Assim como os gritos de agouro das corujas, esses miseráveis só me procuram à noite para que outros não vejam a quem eles estão recorrendo, pois no fundo sabem que há situações em que só rituais feitos por gente como eu, podem revolver. Confesso, porém que, apesar de conhecer os diversos segredos esotéricos das plantas, animais, minerais, antros e objetos, até eu já fracassei. O erro e o fracasso fazem parte de nossa existência. Isso, eu descobri isso da pior forma possível.

Alguns meses depois de eu chegar nesse vilarejo, instalou-se um circo, lugar ideal para gente como eu arrumar um dinheiro extra, já que também domino as artes do tarô e da leitura de mãos, artes essas que aprendi com minha falecida mãe que era cigana.

Dias trabalhando lá, conheci um ilusionista que logo me chamou a atenção. Era um homem bonito e sedutor. Quando me dei conta, eu já estava apaixonada; ele, por outro lado, já tinha deixado o circo e vindo morar comigo. Victor não me julgava por ser uma mulher divorciada e com uma menina de oito anos para criar, então assim nossa vida começou.

Aninha e Victor se deram muito bem, apesar de no início ela o estranhar um pouco, mas bastou ele fazer alguns truques de mágica para conquistá-la.
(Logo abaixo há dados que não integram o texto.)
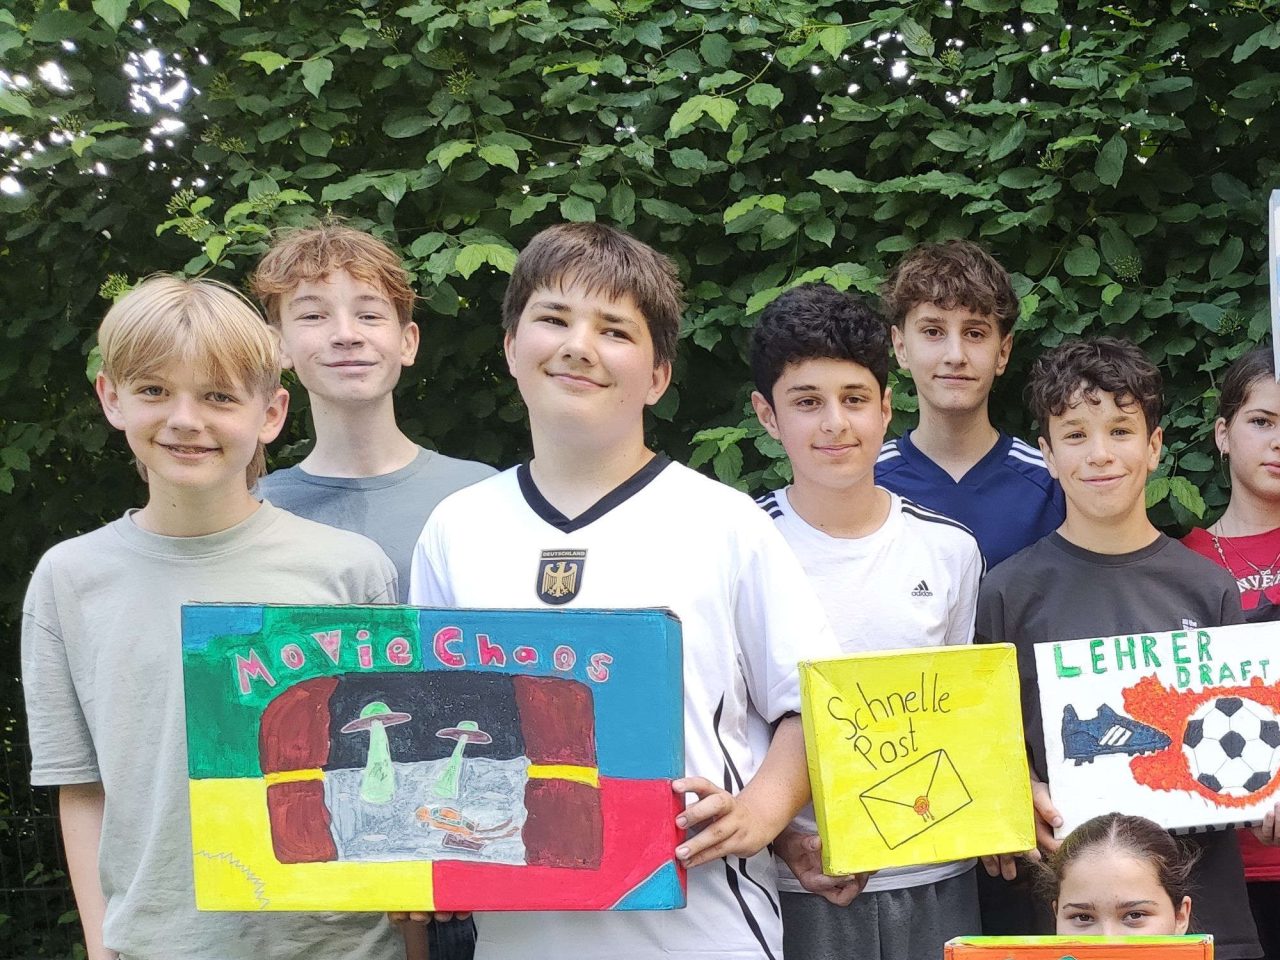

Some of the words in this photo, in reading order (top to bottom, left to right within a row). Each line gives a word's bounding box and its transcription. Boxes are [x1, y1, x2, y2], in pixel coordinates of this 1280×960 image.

Ele arrumou um emprego numa mercearia, passava o dia fora, enquanto eu ficava cuidando da casa e de Aninha. Quando era noite, às vezes, quando aparecia algum trabalho de magia pra mim, ele que ficava em casa. Não era muito jeitoso com os afazeres domésticos, entretanto era um bom homem, até amizade com o vizinho ele fez. Algumas vezes, quando eu chegava à noite, encontrava ele e Augusto, o vizinho, jogando cartas e bebendo cachaça no alpendre.

Certa vez, fui fazer um ritual para espantar uns vultos que estavam aparecendo numa casa de um casal de idosos que conheci do tempo que o circo veio. Chegando lá, tirando tudo o que eu precisava da bolça, comecei a preparar o trabalho. Algumas velas e pedrinhas, folhas de certas plantas, um pouco de água coletada de um rio em determinada fase da lua e sangue de certo tipo de ave, além de uma reza secreta, tudo foi bem distribuído e utilizado, pois um ritual, seja ele qual for, tem que ser feito com precisão.
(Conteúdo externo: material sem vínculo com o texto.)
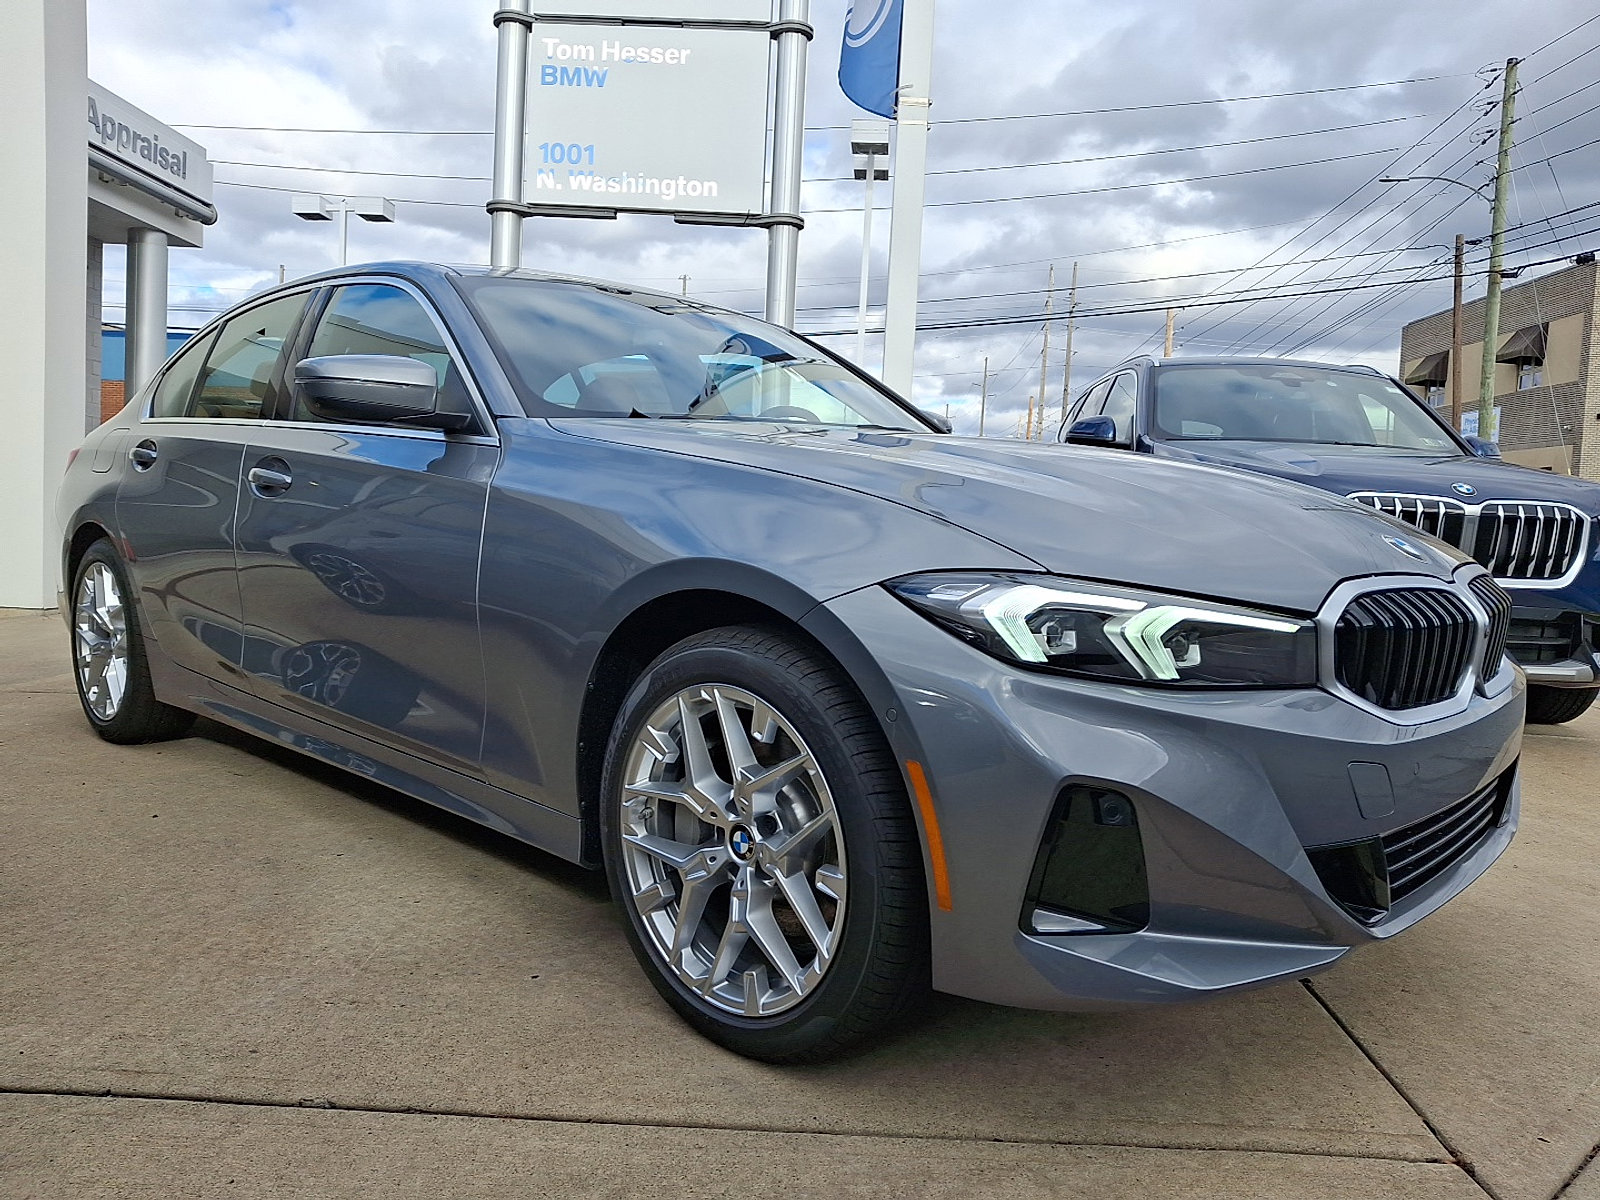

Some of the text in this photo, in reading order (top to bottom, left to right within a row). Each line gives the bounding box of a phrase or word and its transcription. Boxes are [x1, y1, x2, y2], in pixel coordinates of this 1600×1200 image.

[542, 38, 691, 65] Tom Hesser
[541, 65, 608, 87] BMW
[88, 95, 187, 179] Appraisal
[538, 142, 595, 165] 1001
[536, 168, 718, 200] N. Washington
- Cubram os quadros e as imagens sacras, por favor. Depois saiam da casa porque preciso trancá-la para que nada saia – pedi.

Feito isso, comecei a passar água nas pareces e pingos de sangue nos cantos do chão. A chama da vela indicava por onde os vultos se escondiam e dessa forma fui limpando o ambiente e o bloqueando com umas pedrinhas que coloquei em casa quina da casa. Os idosos do lado de fora esperavam que eu terminasse o serviço que até estava sendo feito rapidamente. A experiência nos faz confiantes nesse ramo, mas às vezes, acontecem coisas inesperadas e foi justamente isso que aconteceu naquela noite.

Depois de recolher as coisas, tirei os véus das imagens e dos quadros. “Trabalho concluído”. Foi nesse momento, quando fui abrir a porta para os idosos entrarem que me veio à mente a imagem de Aninha em pé diante de alguém que a tocava onde nunca poderia tocar. Pressionando meus olhos e balançando a cabeça sentindo medo e repulsa, expulsei a imagem da mente e saí depressa da casa para ir ver se estava tudo bem com minha filha.

Chegando em casa, para meu conforto de espírito, estava tudo bem. Aninha estava dormindo numa rede em seu quarto. Victor me recebeu com um beijo e me perguntou se estava tudo bem. Eu, para não preocupá-lo disse que sim, mas naquela madrugada não consegui dormir em paz, mesmo rezando as mais poderosas orações e os mais pesados encantos. Minha mente começou a relembrar aquela maldita visão e a formular uma hipótese que nunca, jamais eu poderia admitir.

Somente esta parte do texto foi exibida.